I’m sorry about the mess, but I will not apologize for Savage Garden.

I like that my clothes horse is built into the architecture of my apartment. It stows away conveniently and doesn’t take up any extra space. Clothes horses have a tendency of dominating the spaces that they’re in, even when they are not in the process of drying clothes. I was glad to not have that problem, but also, hold your applause until the next section, please.

I realize now that I cut off one arm of the horse in this photo, but I was trying to avoid focusing on my kitchen.

I like that the apartment comes with a large shelf section and work station. This was especially useful when I first arrived and had no furniture. I think this area was designed for more academic purposes, but I like using the shelves as a kind of pantry, and the desk as a cooking counter.

Space is limited though. I have no idea what I’m going to do when I get a toaster.

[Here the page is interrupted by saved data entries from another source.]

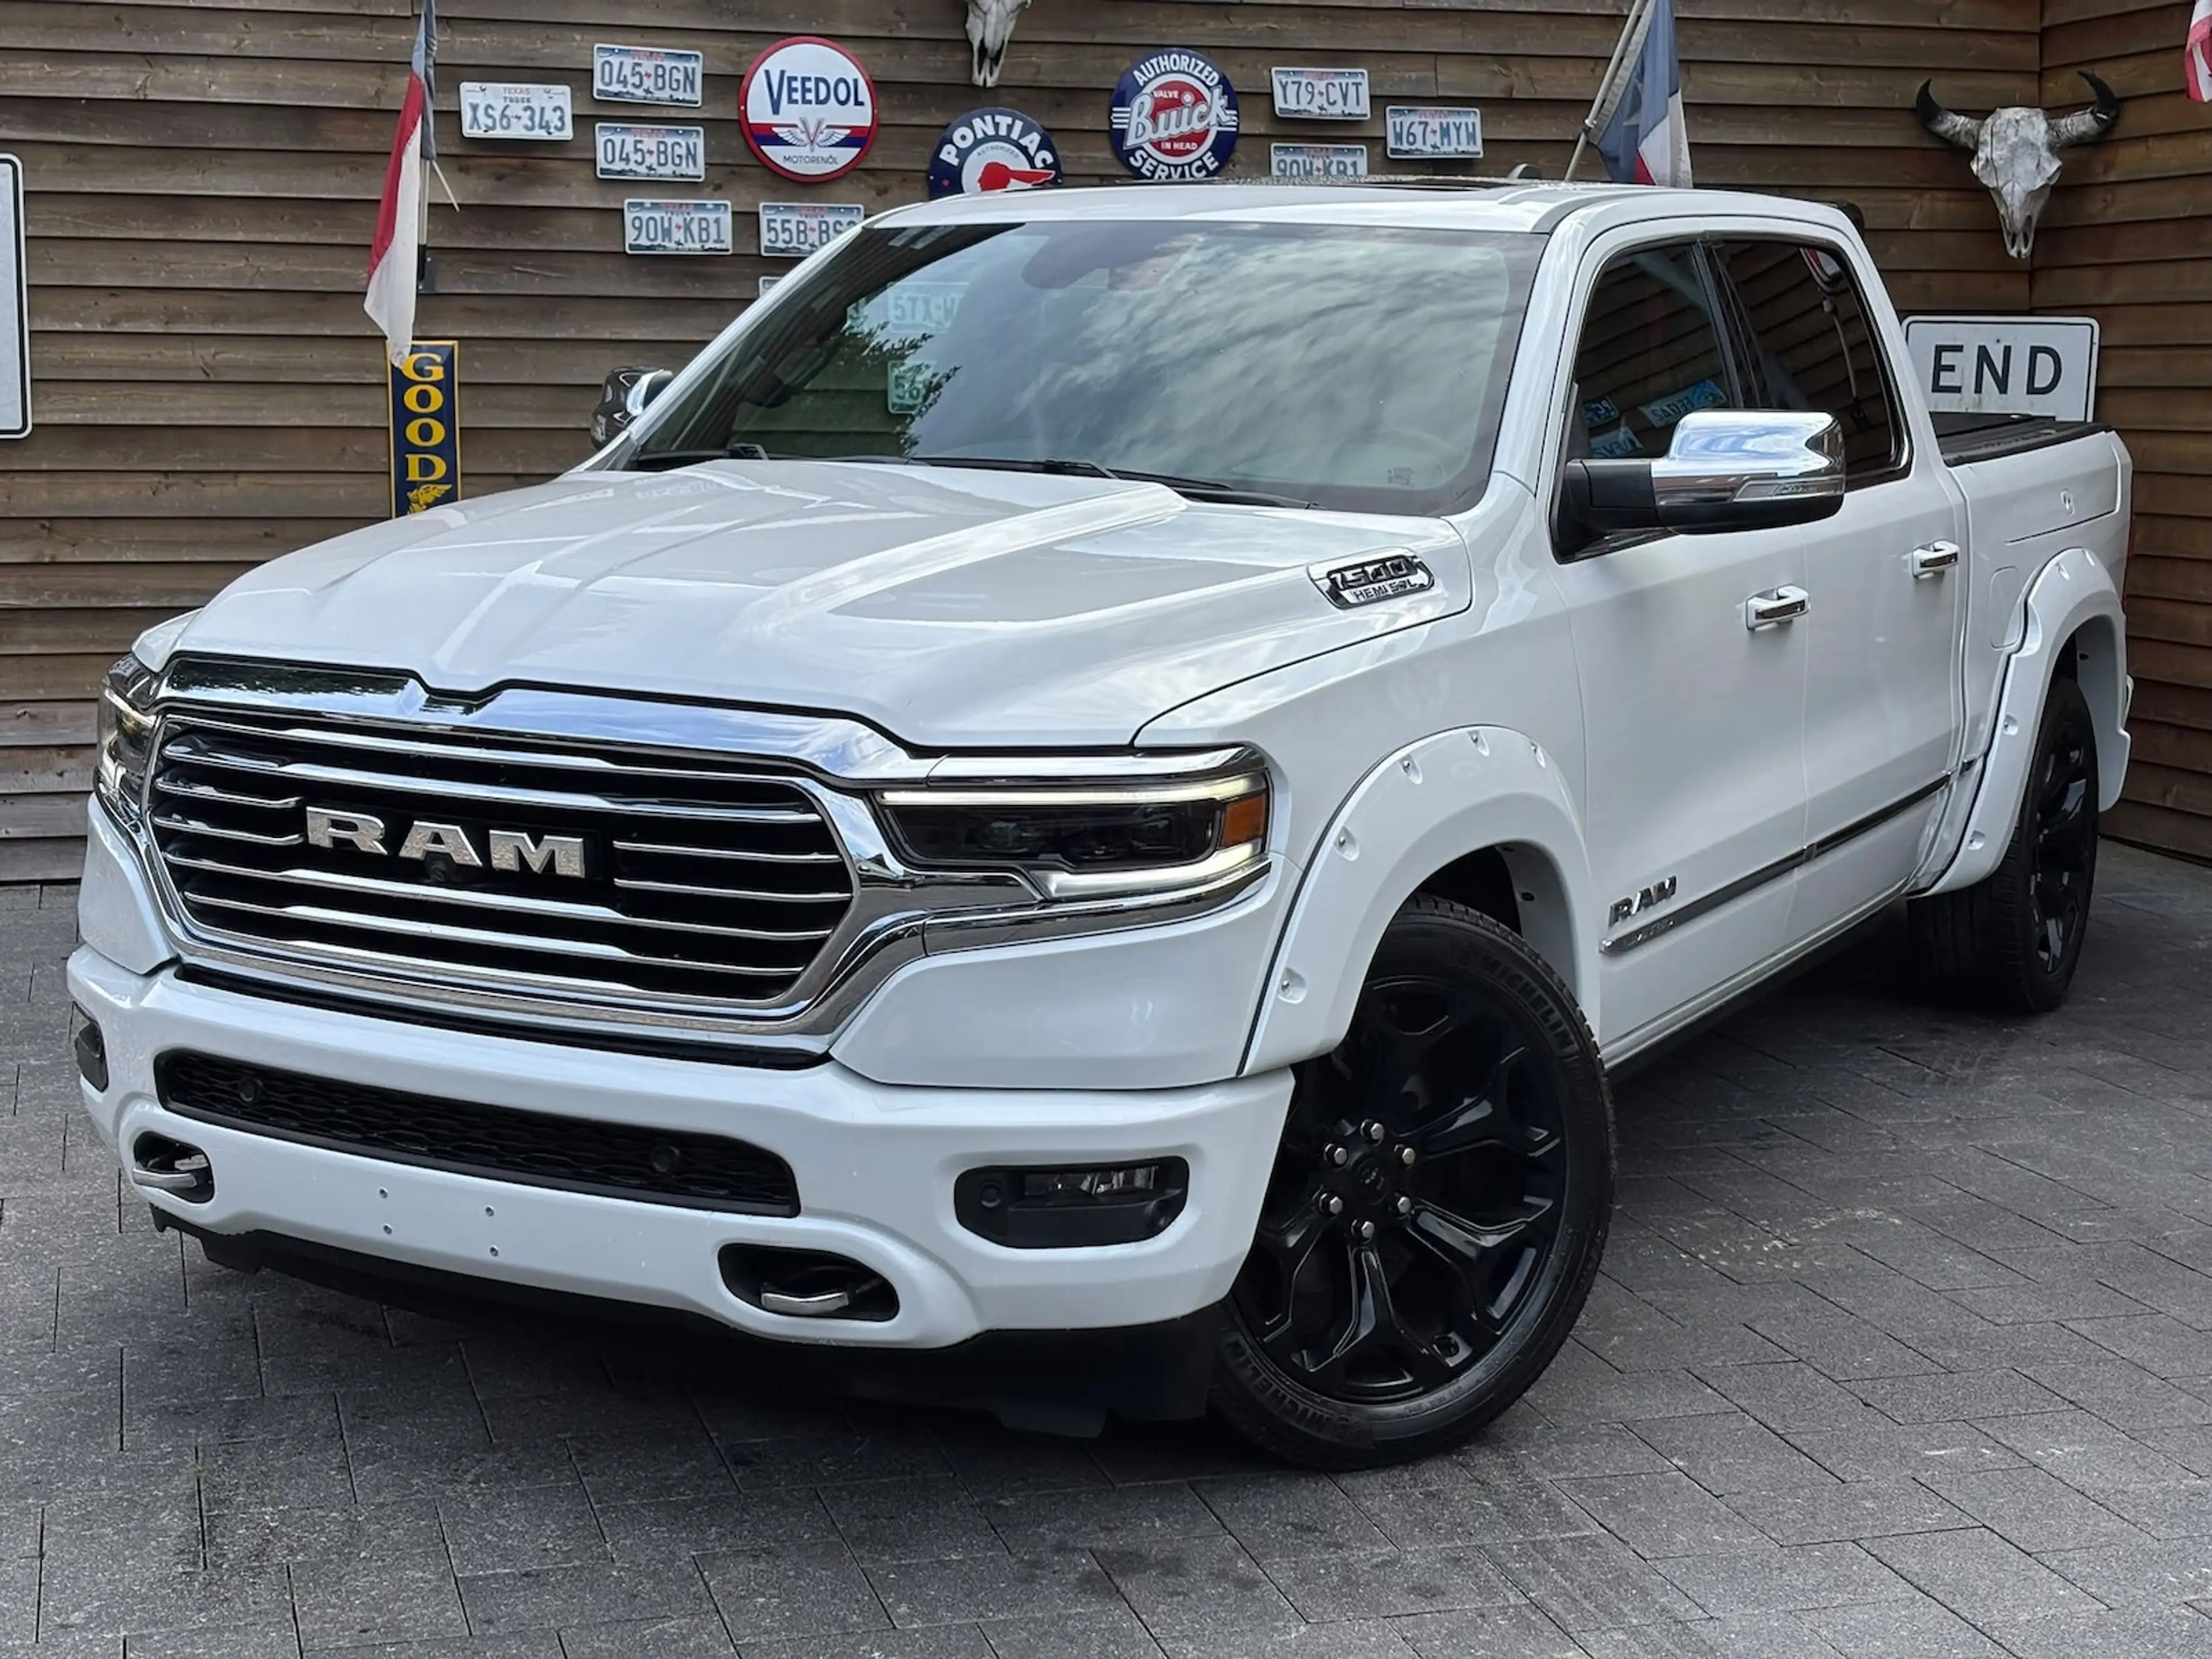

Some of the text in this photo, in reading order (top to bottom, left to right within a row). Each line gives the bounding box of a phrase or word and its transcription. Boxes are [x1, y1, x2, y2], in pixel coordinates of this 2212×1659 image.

[1132, 54, 1220, 86] AUTHORIZED
[1153, 90, 1179, 100] VALVE
[939, 115, 1054, 168] PONTIAC
[1123, 84, 1230, 150] Buick
[1128, 150, 1219, 181] SERVICE
[1161, 142, 1198, 150] IN HEAD
[1931, 344, 2062, 395] END
[401, 352, 447, 482] GOOD
[1330, 558, 1410, 590] 1500
[1353, 584, 1388, 600] HEMI
[306, 806, 586, 878] RAM
[1608, 874, 1677, 927] RAM
[1478, 954, 1575, 1050] MICHELIN

The shower is a delight. I have two shower heads – one is removable and allows me to direct the spray in any direction I choose. The other is a waterfall-type jobbie which is great to simply stand under while I pretend to be in a shampoo commercial.

I like showering with no clothes on. I’m just weird like that.

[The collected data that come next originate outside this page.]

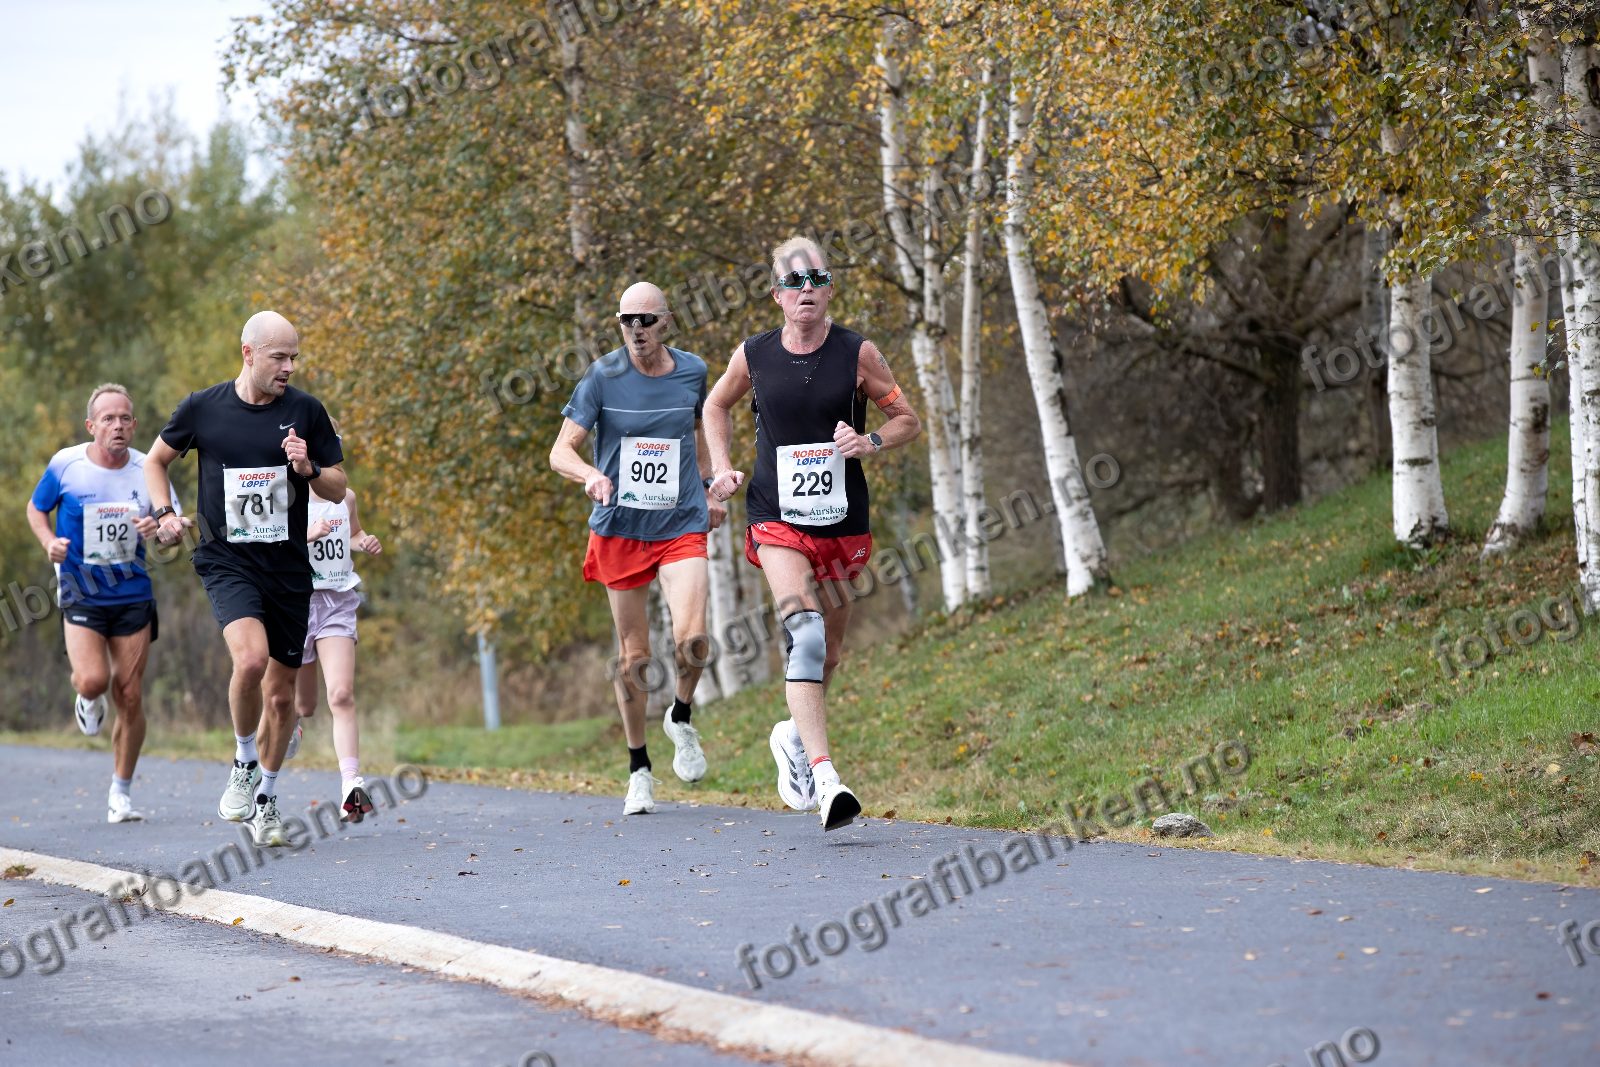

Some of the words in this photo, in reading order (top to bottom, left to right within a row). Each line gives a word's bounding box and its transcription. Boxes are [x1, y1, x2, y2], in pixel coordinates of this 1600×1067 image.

[635, 442, 670, 451] NORGES
[793, 449, 834, 458] NORGES
[797, 457, 828, 466] LØPET
[238, 472, 276, 480] NORGES
[631, 461, 668, 484] 902
[241, 480, 270, 488] LØPET
[792, 471, 833, 497] 229
[642, 493, 677, 503] Aurskog
[237, 493, 274, 516] 781
[809, 506, 846, 516] Aurskog
[96, 524, 128, 542] 192
[314, 539, 344, 561] 303

My bathroom also has an entire mirrored wall. I am all for mirrors, and think bathrooms everywhere should have more of them. I’m of the opinion that naked bodies look their best in bathrooms, and having so much mirror allows me to watch myself as I pretend to star in my own shampoo commercial. My bathroom also has a lot of shelf space and quite a capacious cabinet. But again, please hold your applause until the end.

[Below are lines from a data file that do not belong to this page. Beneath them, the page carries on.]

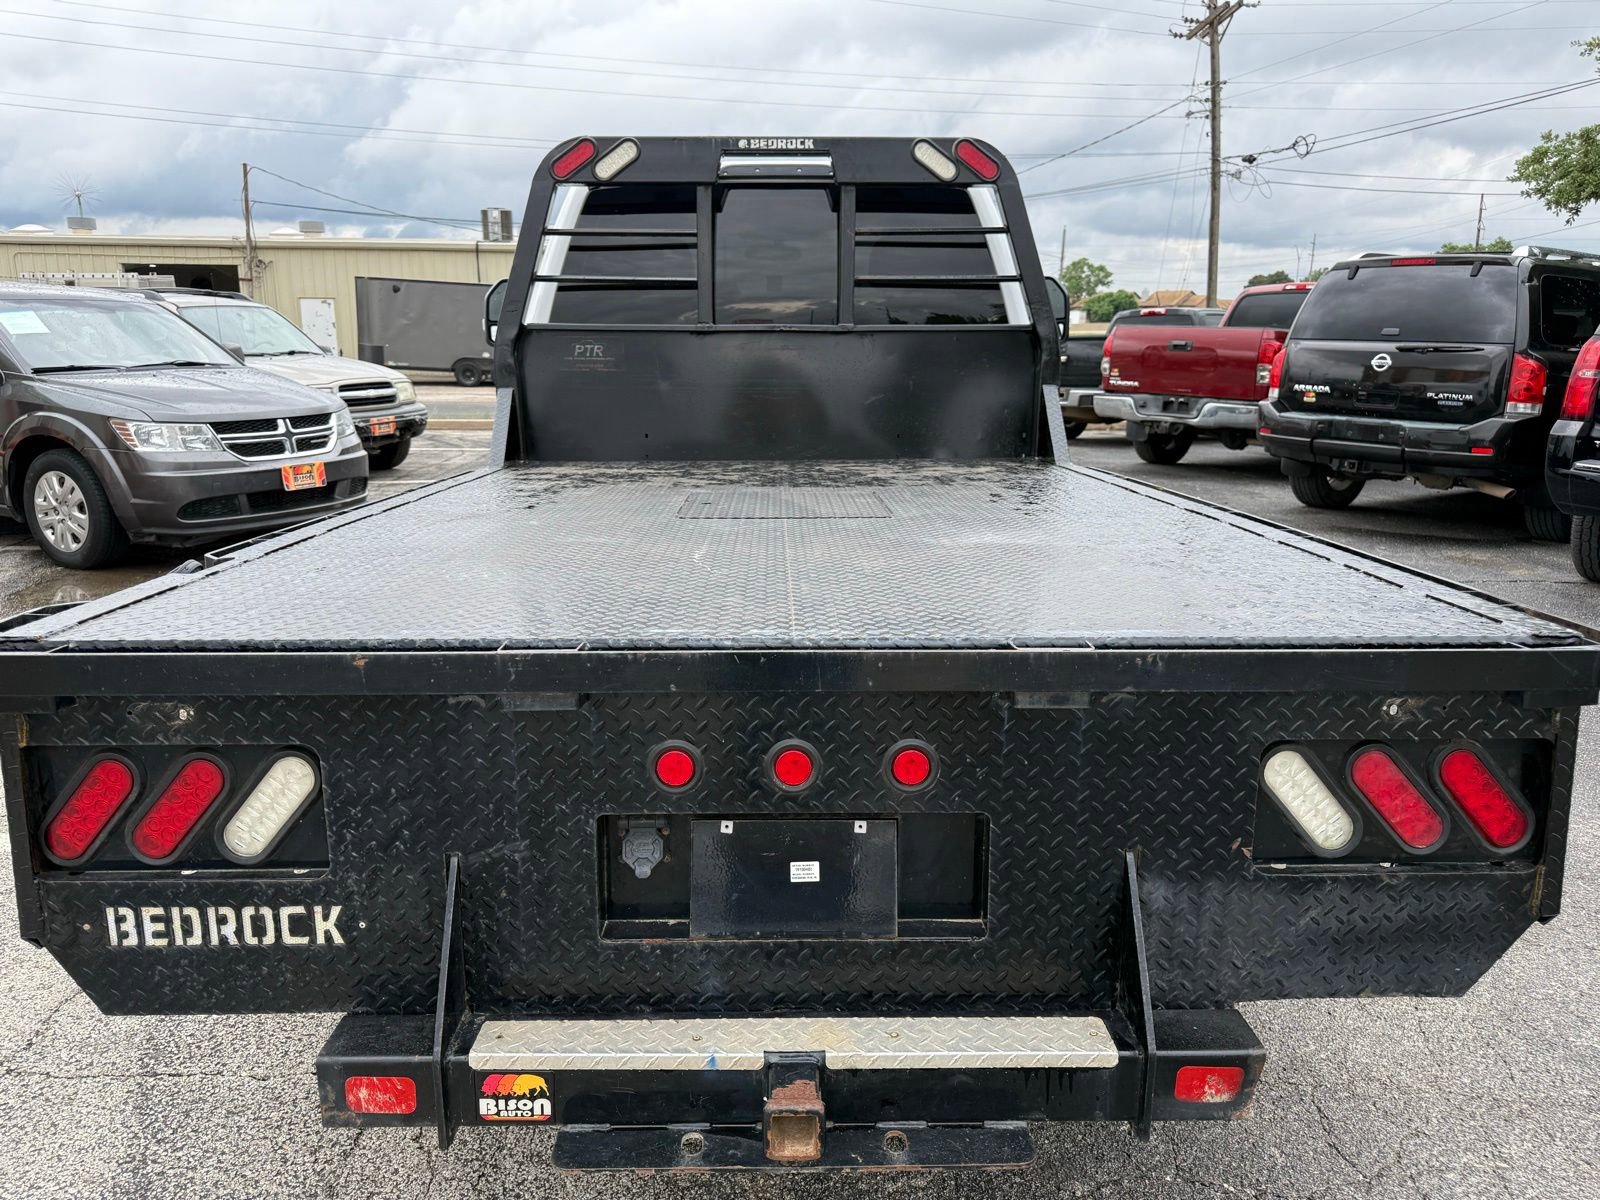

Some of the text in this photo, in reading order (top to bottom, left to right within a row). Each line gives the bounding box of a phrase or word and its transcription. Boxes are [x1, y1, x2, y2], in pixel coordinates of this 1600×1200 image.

[750, 138, 815, 149] BEDROCK
[574, 344, 604, 357] PTR
[1293, 384, 1331, 393] ARMADA
[1426, 392, 1473, 401] PLATINUM
[105, 905, 345, 947] BEDROCK

I like how efficient my apartment is with space. There are a surprising amount of cupboards and wardrobes and draws and shelves for storing away just about everything. But once all the doors and draws are shut, the space appears simple and minimalist. There is no obvious indication that this tiny room is hiding tons and tons of clothes and crockery and bric-a-brac and appliances and toilet paper.

Things That Could Be Better

Now, I don’t want to get too bogged down in negativity here. I want to only focus on the expectations that were not met, and the few details that make me scratch my head and wonder at the mindset of the architect who brought my living space to life.

I think my first impression upon seeing my apartment for the first time was the disappointment that it was as small as I feared it would be. I can cover the distance from my front door to the back wall in about three-and-a-half strides. Actually…
Okay, five strides, it turns out. Aside from the bathroom, every corner of the apartment is visible from every other corner of the apartment. What kind of house party could I throw here? There is no place for me to secretly gossip to Guest A about Guest B.

To be honest I was a little disappointed that my apartment didn’t come with a microwave. But to be fair, this was never something that was promised to me; I simply took it for granted that I would have one, along with the fridge, stove, and washing machine. But I managed to find a secondhand one for cheap, and it hides away nicely inside a cupboard above the stove that happens to have a power outlet in it. It’s the perfect space for a microwave, but it’s also quite high up, which means I can’t really see what’s going on in there. There is something quite terrifying about having to hold dangerously hot dishes above my head on a daily basis.

Yes, the framing is terrible. But in my defense I didn’t want to retake it.

My clothes horse acts as a kind of childproof lock on my cupboards. Once it is deployed, and my clothes are all hanging up to dry, it becomes a bit of a mission to access anything else in my wardrobe. I have to reach feel around underneath the Hanging Garments of Babylon to retrieve dry clothes, and often have to carefully pull t-shirts out through the bars of the clothes horse. Maybe the architect expects me to remain unclothed while my laundry dries? That would explain all that pro-nudity business that’s going on in the bathroom.

Speaking of bathrooms, my bathroom cabinet doesn’t make a lot of sense to me. To my eyes it looks like the architect built in a few security features to prevent anyone from placing anything on its shelves. There are parallel bars running down one side of it, which means you have to carefully maneuver objects through that narrow space in order to put anything there. I’m sure there was a very specific idea in mind about how a shelf like that should be stocked, but I for one cannot fathom what that idea is.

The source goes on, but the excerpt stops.